How to complete this task →
Quote exactly the lines running from the line with "this 1500×1333 image." to the end of the entries, including both, and nothing else.

━━━ Task data

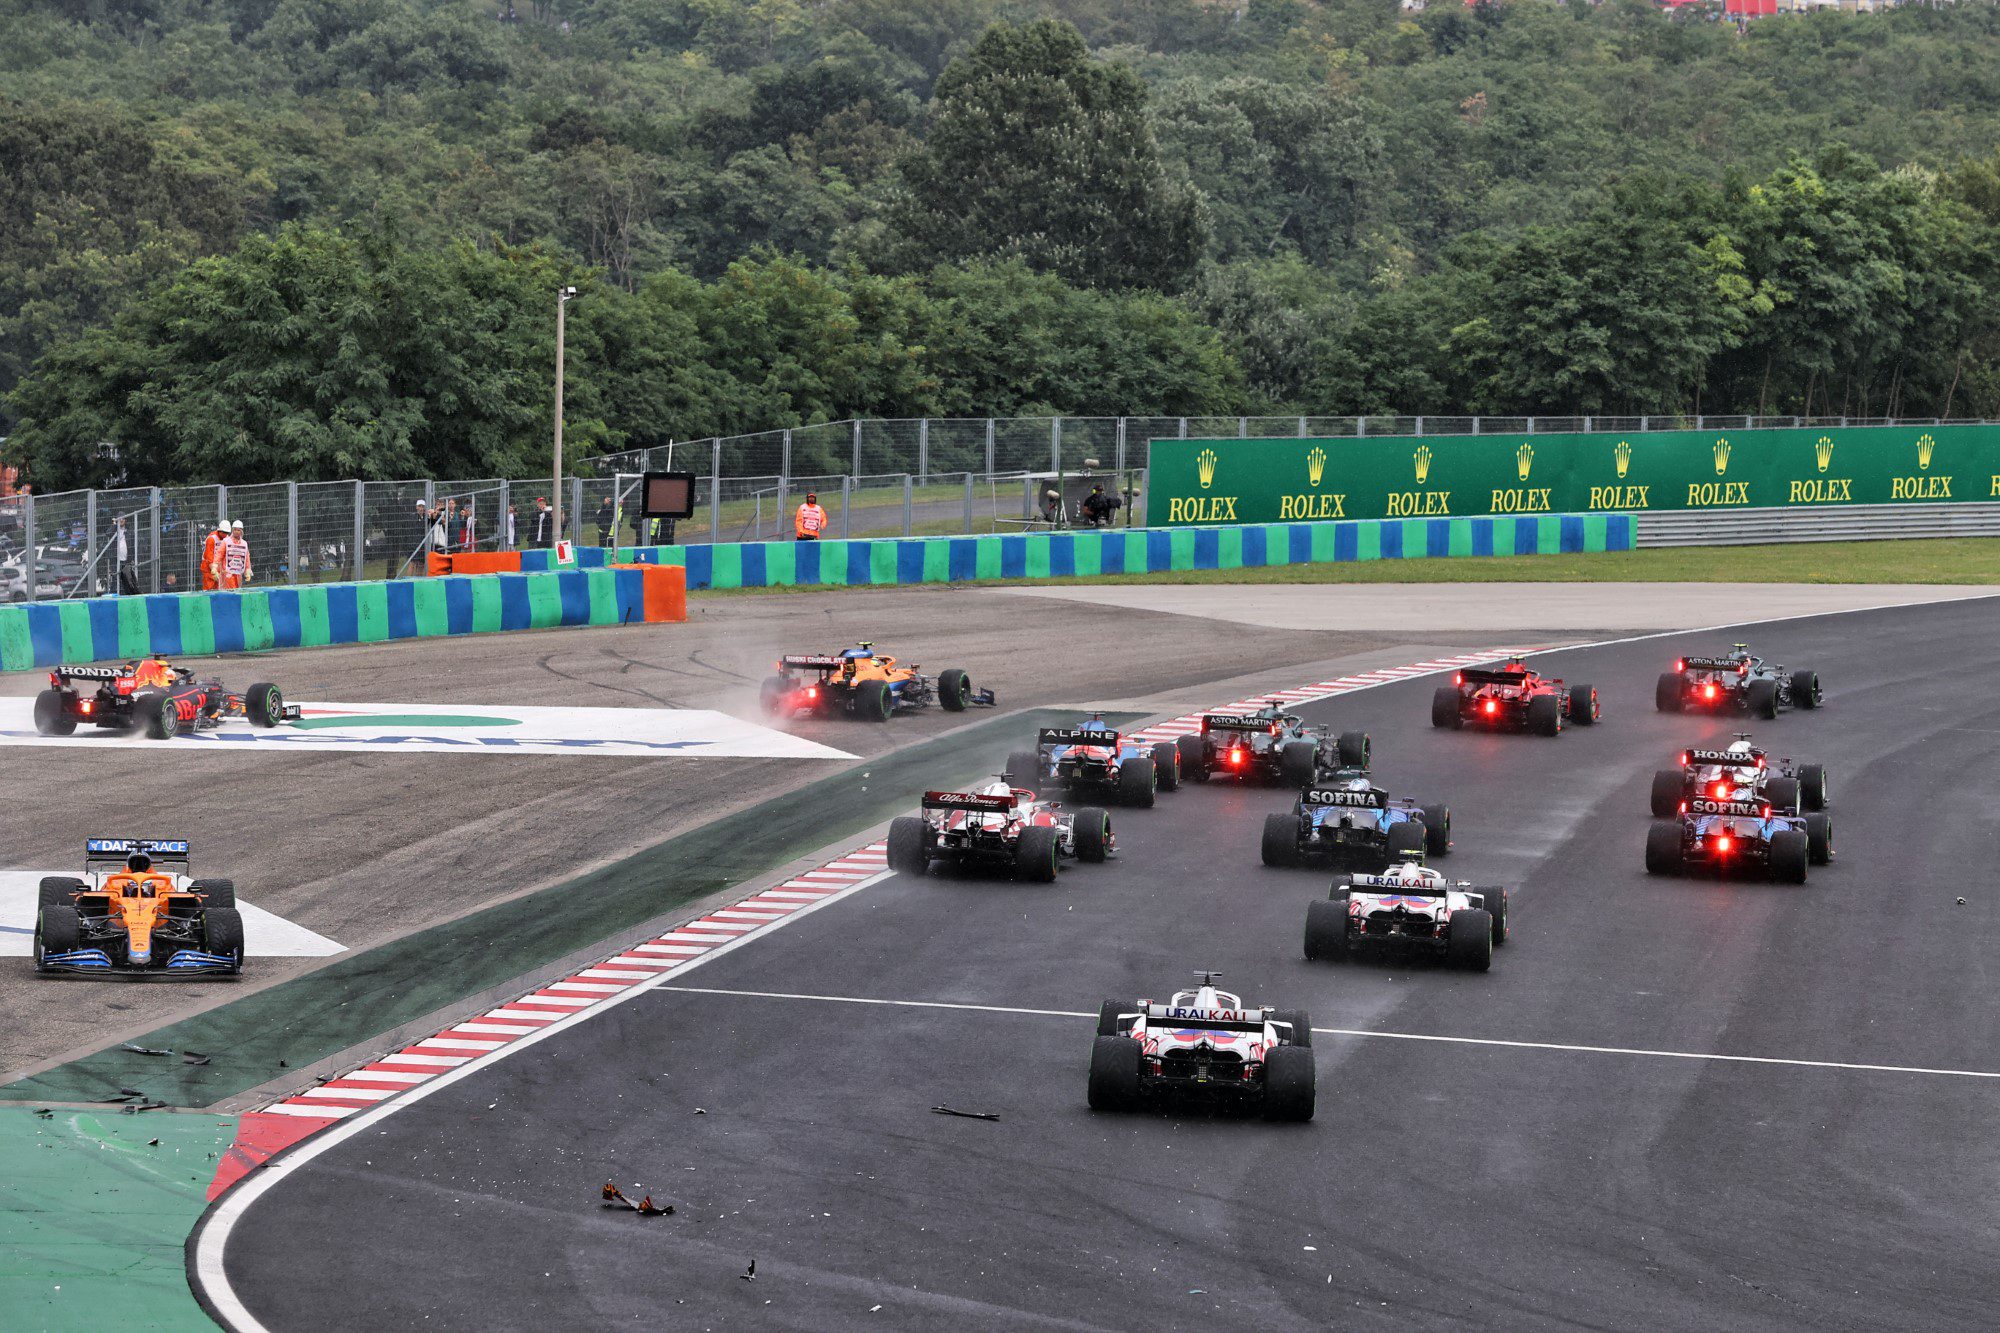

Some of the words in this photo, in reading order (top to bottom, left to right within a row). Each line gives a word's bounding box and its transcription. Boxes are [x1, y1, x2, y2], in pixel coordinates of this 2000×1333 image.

[1687, 482, 1750, 505] ROLEX
[1789, 479, 1852, 502] ROLEX
[1892, 476, 1952, 499] ROLEX
[1387, 492, 1450, 516] ROLEX
[1490, 489, 1551, 512] ROLEX
[1590, 486, 1650, 509] ROLEX
[1168, 497, 1238, 522] ROLEX
[1280, 495, 1346, 519] ROLEX
[807, 656, 847, 664] CHOCOLATE
[60, 666, 123, 677] HONDA
[1210, 717, 1239, 725] ASTON
[1241, 718, 1273, 726] MARTIN
[1045, 729, 1115, 740] ALPINE
[1693, 749, 1755, 761] HONDA
[939, 793, 963, 803] Alfa
[963, 795, 1000, 805] Romeo
[1309, 790, 1378, 807] SOFINA
[1692, 800, 1761, 816] SOFINA
[1366, 876, 1433, 889] URALKALI
[1165, 1007, 1246, 1022] URALKALI
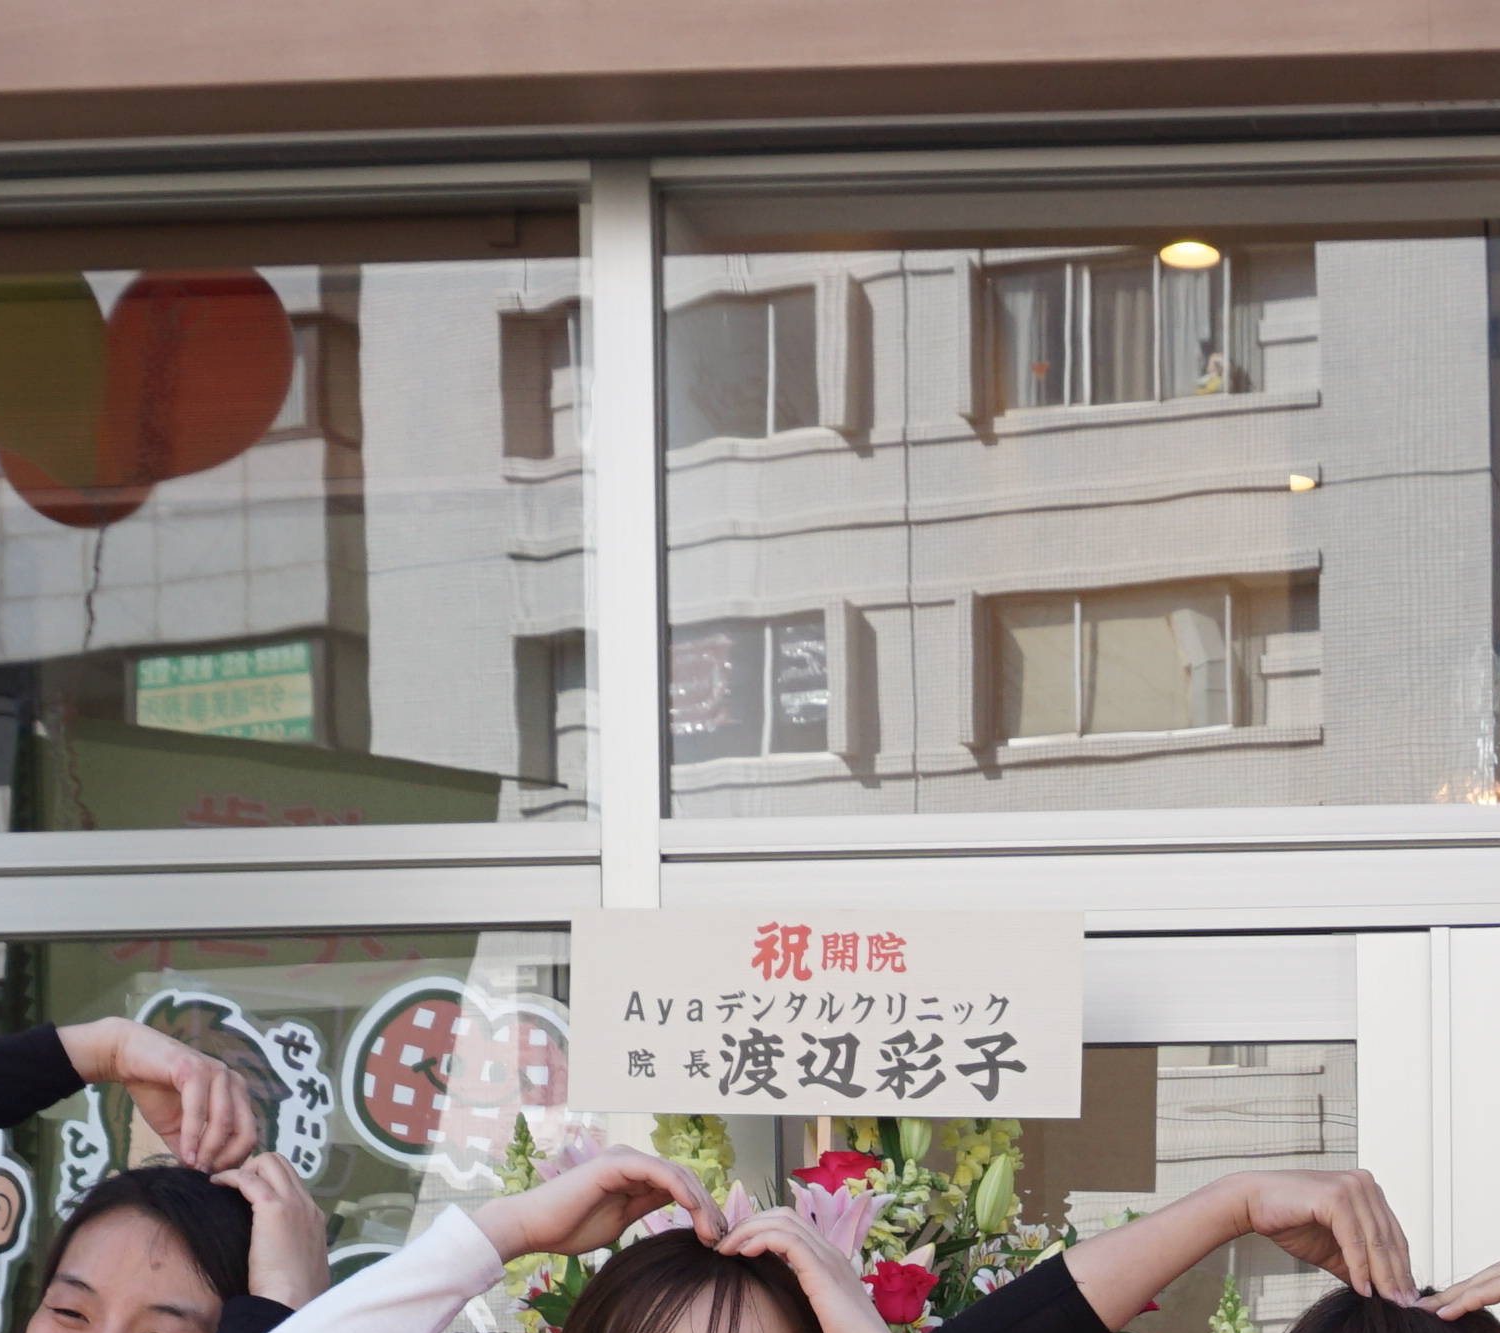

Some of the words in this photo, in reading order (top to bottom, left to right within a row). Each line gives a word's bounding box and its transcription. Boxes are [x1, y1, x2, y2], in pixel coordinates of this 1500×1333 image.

[624, 990, 1011, 1027] Ayaデンタルクリニック
[717, 1029, 1028, 1102] 渡辺彩子

━━━━━━

Answer space →
Some of the words in this photo, in reading order (top to bottom, left to right within a row). Each line gives a word's bounding box and its transcription. Boxes are [x1, y1, x2, y2], in pixel coordinates of this 1500×1333 image.

[624, 990, 1011, 1027] Ayaデンタルクリニック
[717, 1029, 1028, 1102] 渡辺彩子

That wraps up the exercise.